_The problem:_ Make the copy match the entries below exactly, with no pictures carried over.

§

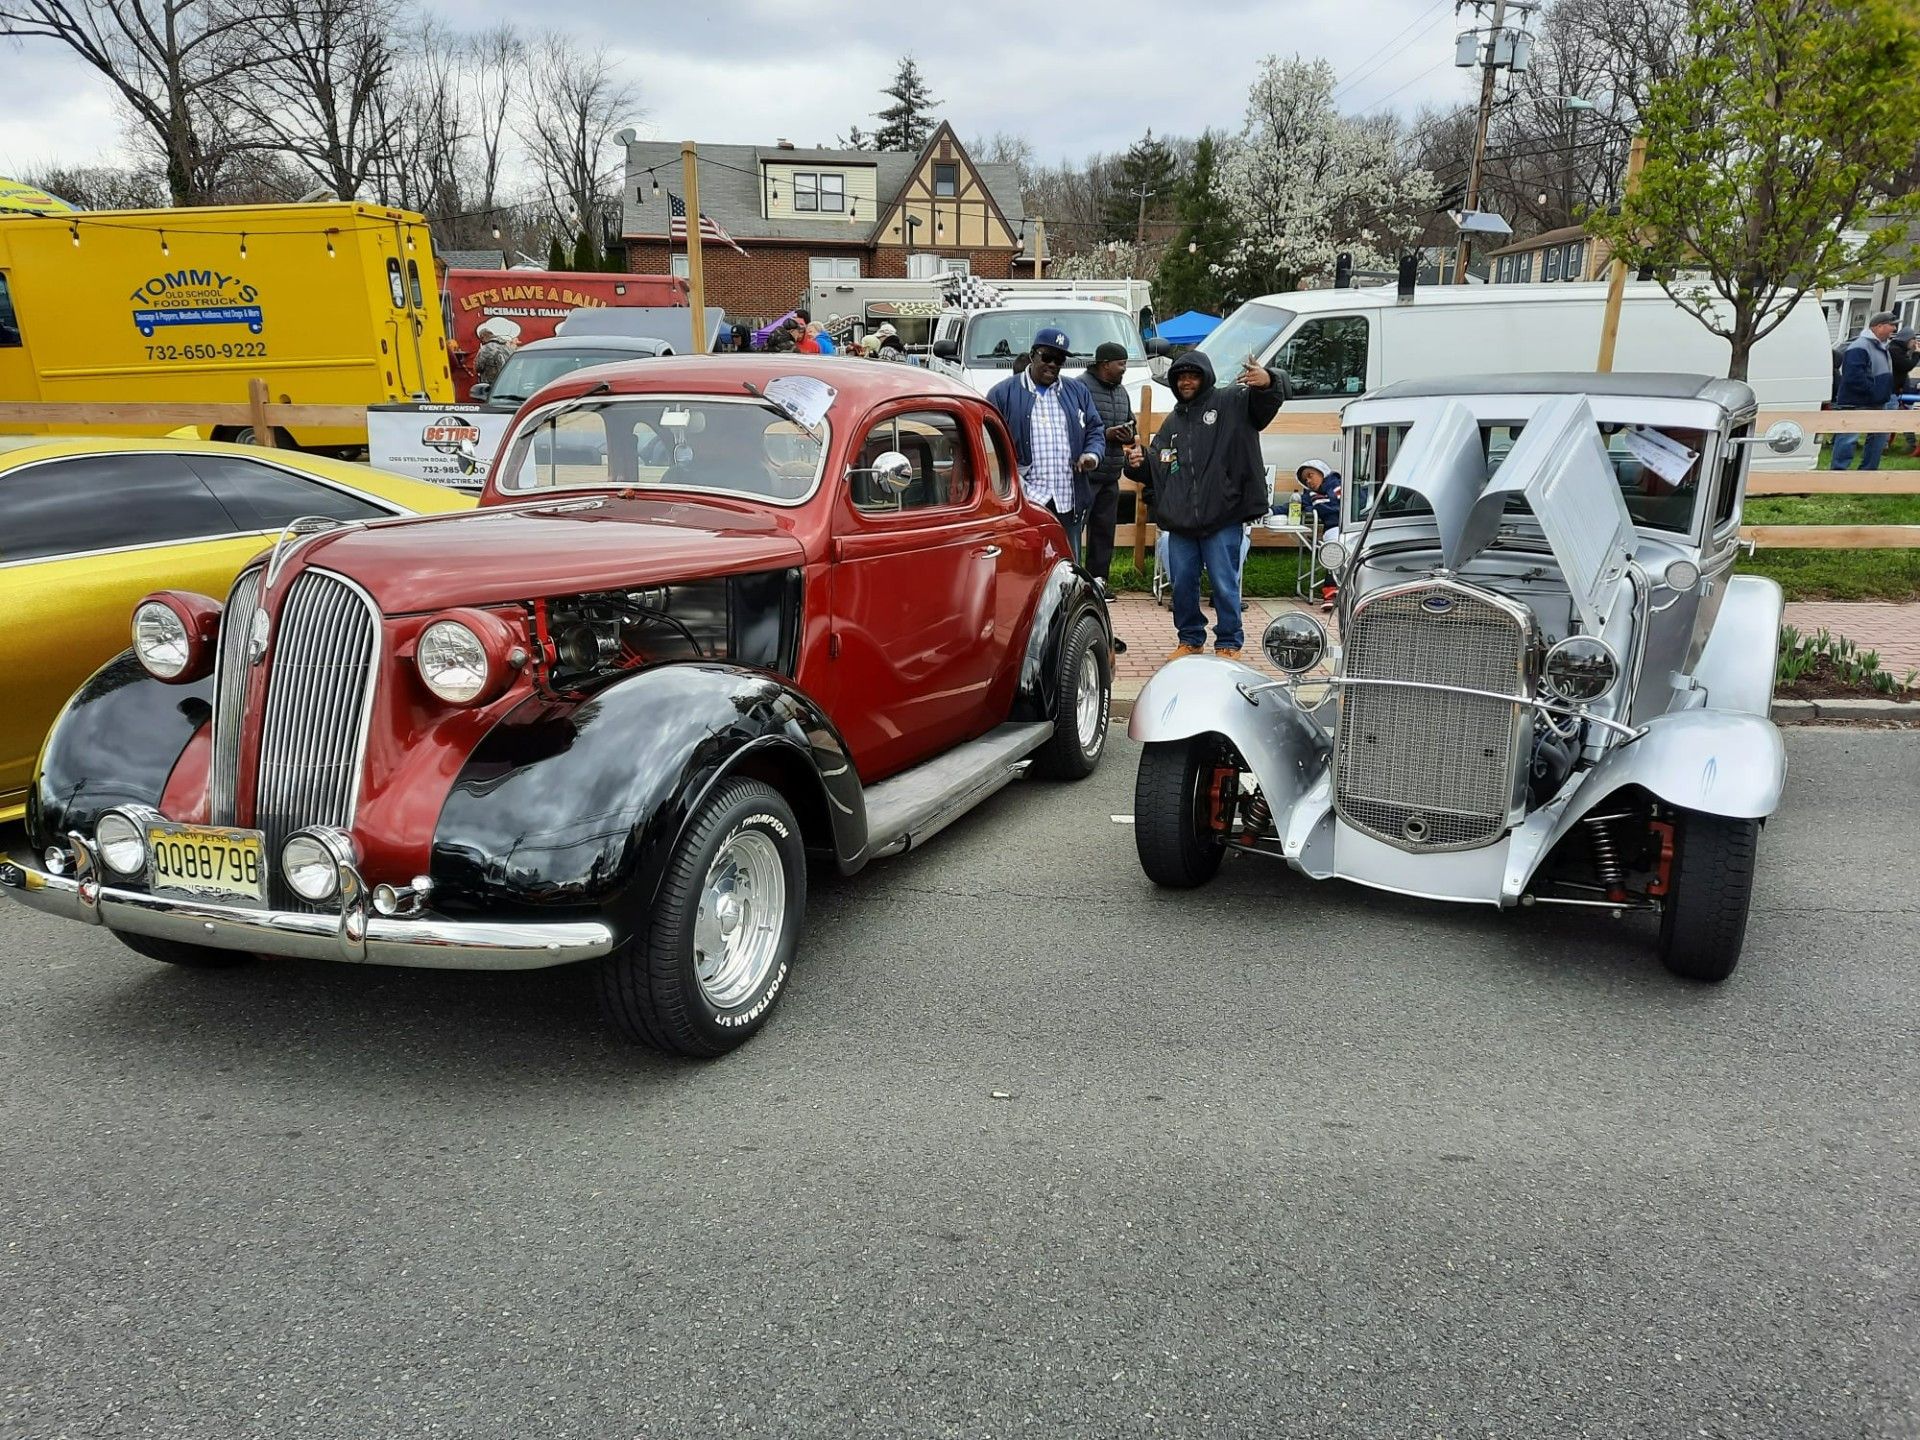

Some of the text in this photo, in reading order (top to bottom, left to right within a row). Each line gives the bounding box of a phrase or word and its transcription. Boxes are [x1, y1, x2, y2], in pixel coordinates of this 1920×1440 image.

[130, 269, 258, 305] TOMMY'S
[165, 289, 223, 299] OLD SCHOOL
[460, 288, 500, 310] LET'S
[502, 285, 544, 301] HAVE
[547, 287, 559, 301] A
[154, 297, 238, 308] FOOD TRUCK
[484, 307, 528, 316] RICEBALLS
[529, 308, 536, 316] &
[144, 342, 267, 361] 732-650-9222
[426, 427, 478, 441] BC TIRE
[741, 813, 789, 839] THOMPSON
[155, 841, 258, 884] QQ88798
[714, 961, 787, 1027] SPORTSMAN S/T

§

_Your solution:_
Some of the text in this photo, in reading order (top to bottom, left to right within a row). Each line gives the bounding box of a phrase or word and its transcription. Boxes are [x1, y1, x2, y2], in pixel coordinates of this 1920×1440 image.

[130, 269, 258, 305] TOMMY'S
[165, 289, 223, 299] OLD SCHOOL
[460, 288, 500, 310] LET'S
[502, 285, 544, 301] HAVE
[547, 287, 559, 301] A
[154, 297, 238, 308] FOOD TRUCK
[484, 307, 528, 316] RICEBALLS
[529, 308, 536, 316] &
[144, 342, 267, 361] 732-650-9222
[426, 427, 478, 441] BC TIRE
[741, 813, 789, 839] THOMPSON
[155, 841, 258, 884] QQ88798
[714, 961, 787, 1027] SPORTSMAN S/T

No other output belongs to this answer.